(Dataset entries)
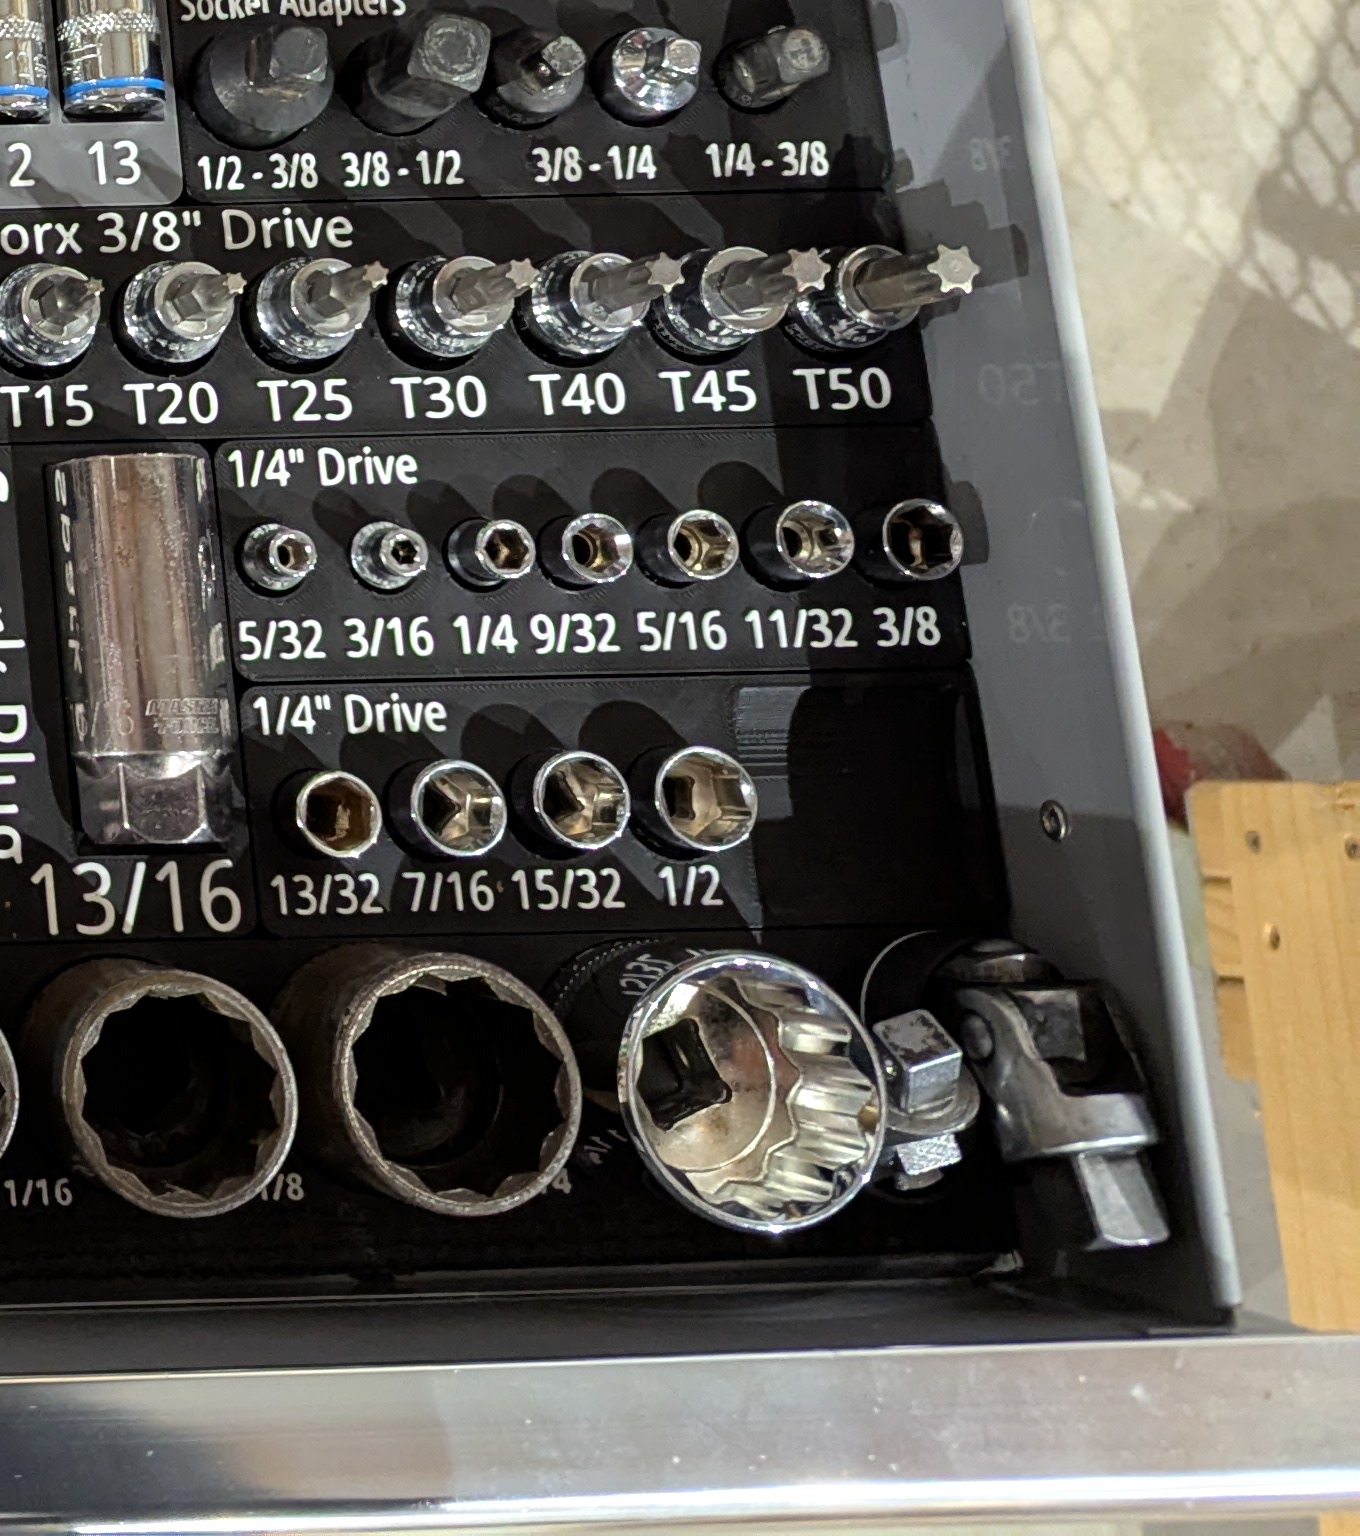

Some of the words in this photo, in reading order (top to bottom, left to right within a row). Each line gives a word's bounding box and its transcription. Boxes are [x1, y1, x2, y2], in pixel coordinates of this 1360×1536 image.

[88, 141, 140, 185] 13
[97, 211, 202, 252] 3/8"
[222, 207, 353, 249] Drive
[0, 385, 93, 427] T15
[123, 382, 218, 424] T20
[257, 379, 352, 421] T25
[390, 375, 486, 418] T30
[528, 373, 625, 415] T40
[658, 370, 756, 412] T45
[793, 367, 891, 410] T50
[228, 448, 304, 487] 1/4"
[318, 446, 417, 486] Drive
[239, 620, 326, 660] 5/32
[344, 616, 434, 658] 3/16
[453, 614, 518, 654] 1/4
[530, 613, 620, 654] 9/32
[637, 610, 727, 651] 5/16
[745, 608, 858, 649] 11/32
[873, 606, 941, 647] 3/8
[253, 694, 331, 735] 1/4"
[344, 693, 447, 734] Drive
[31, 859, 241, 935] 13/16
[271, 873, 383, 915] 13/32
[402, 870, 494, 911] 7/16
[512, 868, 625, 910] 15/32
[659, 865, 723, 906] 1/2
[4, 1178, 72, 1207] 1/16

Task brief: With the images omitted, repeat all the data word for word.

Solution:
Some of the words in this photo, in reading order (top to bottom, left to right within a row). Each line gives a word's bounding box and its transcription. Boxes are [x1, y1, x2, y2], in pixel coordinates of this 1360×1536 image.

[88, 141, 140, 185] 13
[97, 211, 202, 252] 3/8"
[222, 207, 353, 249] Drive
[0, 385, 93, 427] T15
[123, 382, 218, 424] T20
[257, 379, 352, 421] T25
[390, 375, 486, 418] T30
[528, 373, 625, 415] T40
[658, 370, 756, 412] T45
[793, 367, 891, 410] T50
[228, 448, 304, 487] 1/4"
[318, 446, 417, 486] Drive
[239, 620, 326, 660] 5/32
[344, 616, 434, 658] 3/16
[453, 614, 518, 654] 1/4
[530, 613, 620, 654] 9/32
[637, 610, 727, 651] 5/16
[745, 608, 858, 649] 11/32
[873, 606, 941, 647] 3/8
[253, 694, 331, 735] 1/4"
[344, 693, 447, 734] Drive
[31, 859, 241, 935] 13/16
[271, 873, 383, 915] 13/32
[402, 870, 494, 911] 7/16
[512, 868, 625, 910] 15/32
[659, 865, 723, 906] 1/2
[4, 1178, 72, 1207] 1/16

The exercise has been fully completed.